Le Bokônon ne prédit pas l’avenir au hasard et ne se contente pas de « deviner ». Lors d’une conférence d’information destinée aux professionnels des médias, Mahugnon Kakpo a expliqué le véritable rôle du prêtre de Fâ et le long apprentissage qui mène à cette fonction.
Faces aux incompréhensions souvent suscitées par le rôle des « Bokônon » ou « Babalao » dans la société, le professeur Mahugnon Kakpo, président du comité des rites Vodun du Bénin a entrepris de clarifier cette fonction en revenant sur la formation du prêtre de Fâ, sa mission et la manière dont se déroule une consultation. L’universitaire s’est ouvert aux journalistes réunis le 20 juin 2026 à Cotonou, à l’initiative de son Comité et de l’Union des professionnels des médias du Bénin (UPMB).
Dans son exposé, Mahugnon Kakpo, lui-même prêtre du Fâ, a insisté sur un point : devenir Bokônon ne relève ni d’un don spontané ni d’un simple rite d’initiation. C’est un long parcours d’apprentissage qui demande plusieurs années de préparation. « Le Fâ est un domaine qui nécessite un apprentissage. Le Fâ est un ordre initiatique, mais cela nécessite un apprentissage long et minutieux. Parce que pour devenir prêtre de Fâ, pour avoir les vraies qualités, vous avez besoin d’une formation d’au moins 9 ans. Et cette formation est aussi bien théorique que pratique. »

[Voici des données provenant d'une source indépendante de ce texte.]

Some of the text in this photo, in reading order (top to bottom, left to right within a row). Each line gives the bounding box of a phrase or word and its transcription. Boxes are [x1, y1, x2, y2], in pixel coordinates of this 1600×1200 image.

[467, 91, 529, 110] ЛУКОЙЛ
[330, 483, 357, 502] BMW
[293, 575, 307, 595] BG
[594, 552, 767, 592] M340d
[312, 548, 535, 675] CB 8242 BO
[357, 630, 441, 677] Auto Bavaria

Selon lui, cette formation permet au Bokônon de maîtriser les enseignements du Fâ afin d’interpréter correctement les signes qui lui sont révélés. Son rôle consiste donc à mettre ce savoir au service des personnes qui viennent chercher des réponses à leurs préoccupations.

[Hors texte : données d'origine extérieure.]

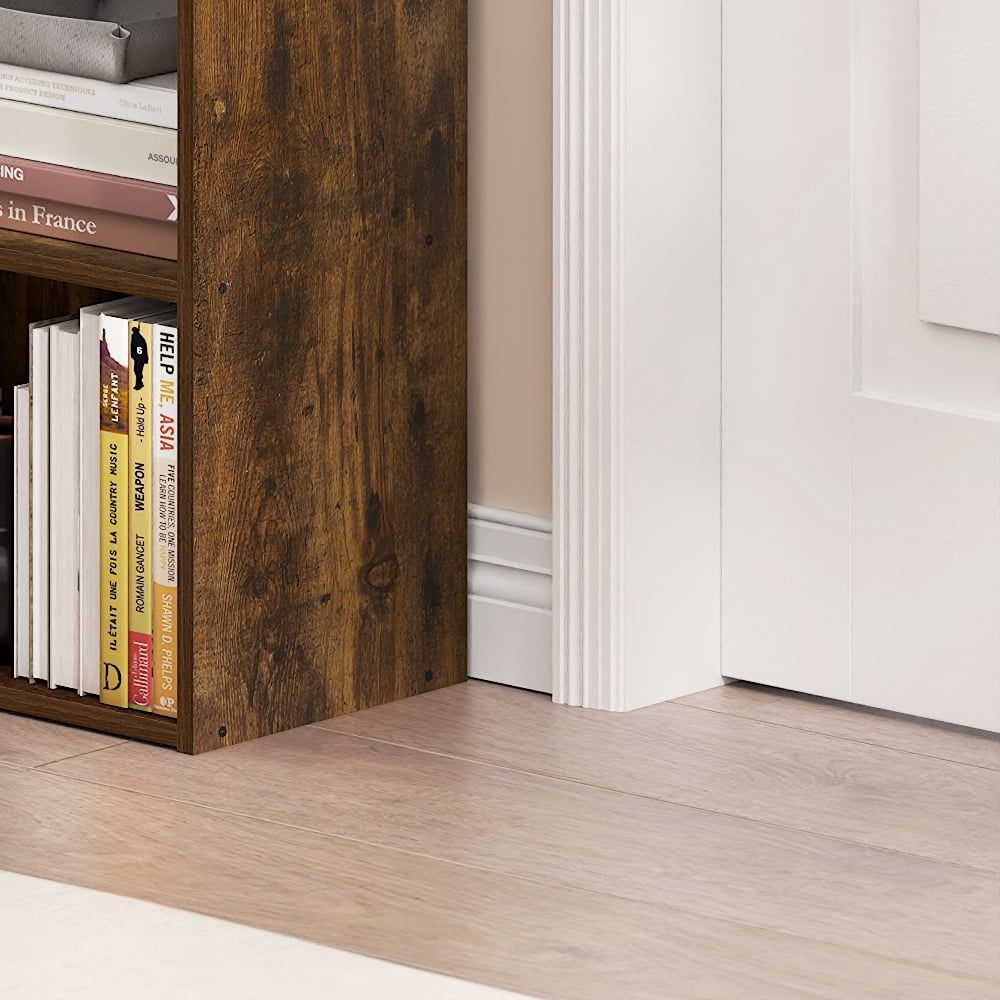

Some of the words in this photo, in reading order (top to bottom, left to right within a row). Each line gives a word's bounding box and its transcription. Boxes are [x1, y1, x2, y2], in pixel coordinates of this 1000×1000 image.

[5, 84, 38, 96] PRODUCT
[39, 89, 66, 101] DESIGN
[51, 82, 96, 96] TECHNIQUES
[7, 200, 27, 222] in
[31, 204, 97, 235] France
[136, 346, 143, 355] 6
[160, 331, 175, 375] HELP
[110, 372, 120, 423] LENFANT
[158, 379, 175, 408] ME,
[137, 402, 147, 415] Up
[136, 417, 145, 437] Hold
[159, 413, 175, 451] ASIA
[109, 443, 117, 476] MUSIC
[134, 462, 145, 511] WEAPON
[167, 464, 175, 483] FIVE
[159, 474, 167, 500] LEARN
[109, 481, 117, 526] COUNTRY
[159, 501, 167, 520] HOW
[109, 531, 117, 544] LA
[159, 521, 167, 531] TO
[159, 533, 167, 543] BE
[167, 531, 175, 548] ONE
[109, 549, 117, 576] FOIS
[135, 533, 145, 574] GANCET
[109, 580, 117, 600] UNE
[135, 575, 145, 613] ROMAIN
[161, 593, 173, 633] SHAWN
[161, 635, 173, 646] D.
[133, 641, 149, 706] Gallimard
[161, 649, 173, 691] PHELPS
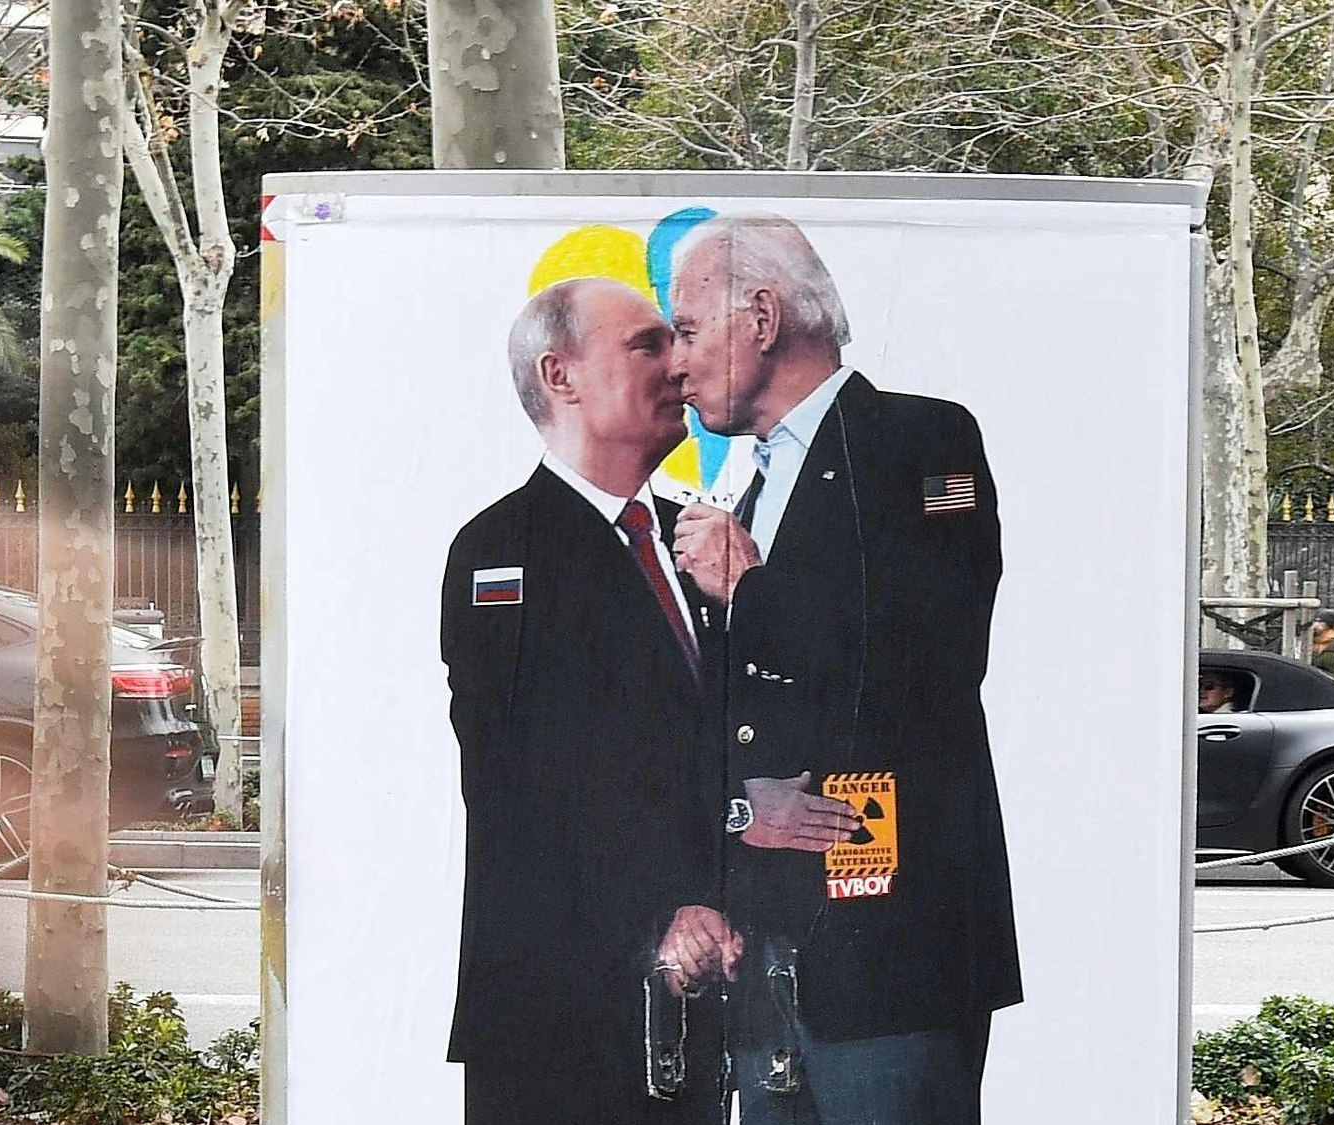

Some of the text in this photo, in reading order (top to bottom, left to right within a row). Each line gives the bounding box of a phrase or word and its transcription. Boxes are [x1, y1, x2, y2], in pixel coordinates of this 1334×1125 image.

[828, 781, 891, 795] DANGER
[830, 846, 892, 857] RADIOACTIVE
[831, 855, 893, 866] MATERIALS
[827, 874, 892, 899] TVBOY

Pour illustrer cette démarche, Mahugnon Kakpo a établi un parallèle avec la médecine moderne. À ses yeux, les deux approches suivent la même logique : partir d’une préoccupation, l’analyser, puis proposer une réponse adaptée.

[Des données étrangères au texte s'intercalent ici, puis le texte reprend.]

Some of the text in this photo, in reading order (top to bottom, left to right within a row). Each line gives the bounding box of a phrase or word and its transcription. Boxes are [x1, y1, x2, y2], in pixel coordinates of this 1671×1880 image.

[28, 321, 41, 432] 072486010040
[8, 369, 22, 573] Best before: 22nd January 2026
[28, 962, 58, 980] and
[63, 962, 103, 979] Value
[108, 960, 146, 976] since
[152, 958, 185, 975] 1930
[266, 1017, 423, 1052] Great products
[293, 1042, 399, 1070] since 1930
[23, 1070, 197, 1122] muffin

« Le domaine du Fâ c’est exactement comme le domaine médical. Vous ressentez des symptômes. Vous allez voir un médecin, vous lui expliquez les symptômes que vous avez. Il procède à un examen, à une analyse. Cette analyse peut être approfondie par d’autres machines. Et après, vous lui apportez les résultats et il pose un diagnostic. De ce diagnostic-là, il établit un protocole médical. C’est exactement la même chose que le Fâ. »
« Le Bokônon est un interprète »
Le conférencier a toutefois précisé que le Bokônon n’agit jamais en son nom propre. Il a expliqué que la consultation passe par Orunmila, présenté comme la divinité de la divination, qui seule accède au message contenu dans le Fâ. « Vous avez une préoccupation, vous allez voir le Bokônon. Ce n’est pas lui qui règle le problème. C’est Orunmila, que le Bokônon sollicite. Le Fâ, message de l’être absolu, est le seul capable d’aller vers ce message-là qui est comme une bibliothèque immatérielle ou virtuelle dans laquelle seul Orunmila peut plonger pour aller rechercher la réponse. Cette réponse intervient sous forme du signe ou du Fâdu que le Bokônon a appris maintenant à interpréter. »
À partir de ces explications, l’enseignant-chercheur a voulu déconstruire une idée largement répandue sur le rôle du prêtre de Fâ. « Le Bokônon n’est donc pas un devin. Il ne devine rien. C’est un interprète des savoirs du Fâ. »
Cette conférence s’inscrivait dans une série d’activités initiées par le Comité des rites Vodun du Bénin pour mieux faire connaître les fondements du Vodun et fournir aux professionnels des médias des repères sur ses pratiques et ses concepts.